It does not appear that Mailman modifies the "Sender:" field to comply with RFC 2822. The list-bounces address is not the mailbox of the agent responsible for transmitting the message, as required in section 3.6.2. The mailbox of the agent responsible for the transmission of the message would be the list-owner address.
Mailman's use the "Sender:" field does not seem to be in line with the intent of the RFC, nor with current usage of the field. The example given in the RFC is of a secretary sending an email on behalf of someone else. Outlook obviously interprets it this way. Some versions of Thunderbird display both the Sender: and From: lines to the user, which may prove confusing if the Sender: address is not a person or an obvious alias for one. Gmail uses it if you choose a "From" address that is not your gmail.com address.
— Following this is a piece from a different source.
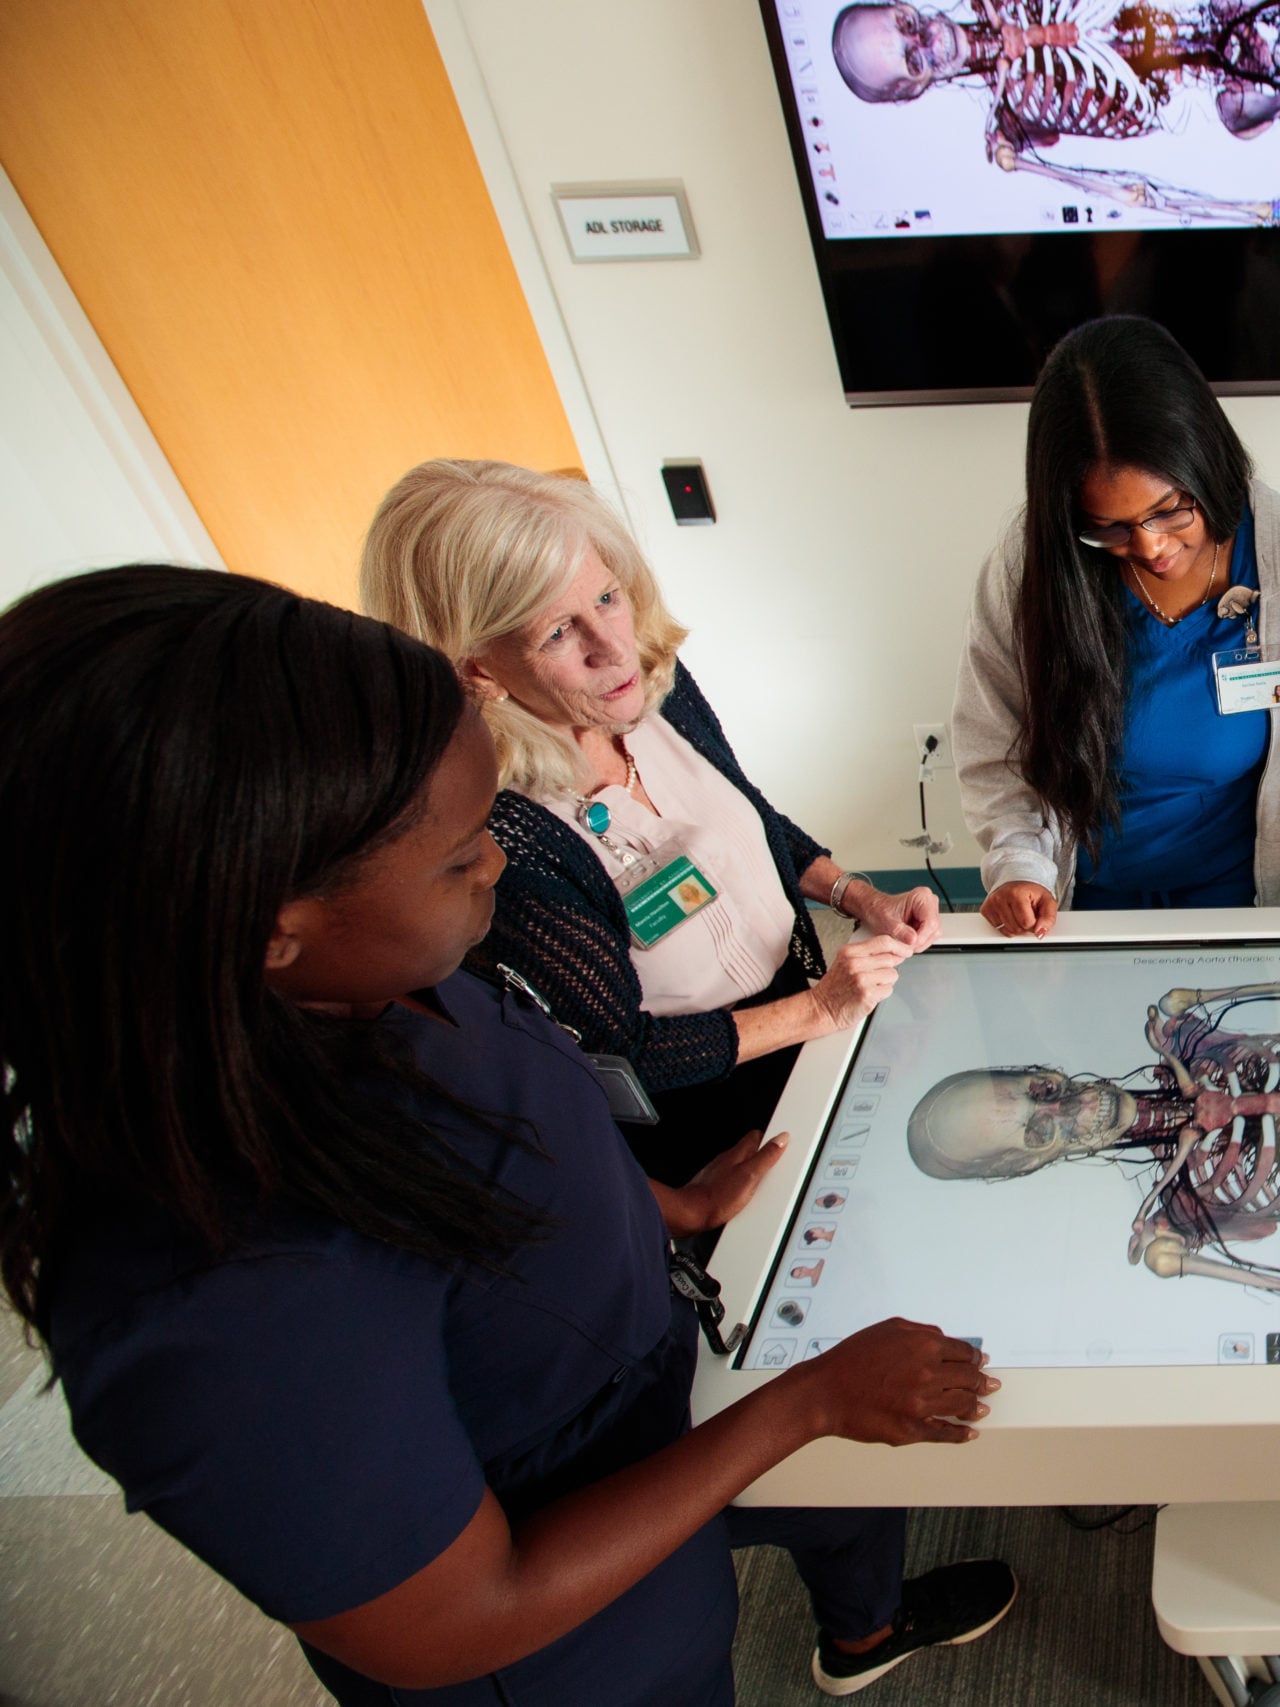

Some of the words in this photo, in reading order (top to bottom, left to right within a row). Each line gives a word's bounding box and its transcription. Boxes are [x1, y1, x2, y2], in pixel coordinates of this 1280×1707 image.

[585, 220, 608, 234] ADL
[611, 219, 663, 233] STORAGE
[1133, 957, 1195, 965] Descending
Further, if Mailman is going to change the "Sender:" field, it should add Resent-* headers, per section 3.6.6 of RFC 2822; otherwise, the original sender information is lost. The RFC does say that this is to be used when "users" reintroduce a message into the system, further providing evidence that automated components of the mail routing system shouldn't be changing these. (Note that MTAs don't change the Sender: field, despite being, by their nature, agents responsible for transmission of messages.)
RFC 2369 provides headers which are to be used by mail list software to identify the various ways of interacting with the list, and Mailman already adds them. This makes adding this information to the Sender: field redundant.
Based on all of this, Mark's note that there are some MTAs which bounce to the Sender: address is the only reason that I've seen why this behavior should continue. Does anyone know what MTAs these are, or if they're even still in use? If these buggy MTAs are common, I would suggest that an option be added to the list to enable this behavior, marked as an accomodation for buggy MTAs, and defaulting to "off". I'll see if I can scrounge up the time to submit a patch to accomplish this, if it'll actually get included in a future release; otherwise I won't waste my time. If these MTAs are not in use, I stand by my original recommendation to comment out/remove the two lines responsible for the behavior.
At any rate, the "keep patching" suggestion is unhelpful. This is obviously a problem that many people are running into, enough that there's a FAQ entry about it. It should be addressed.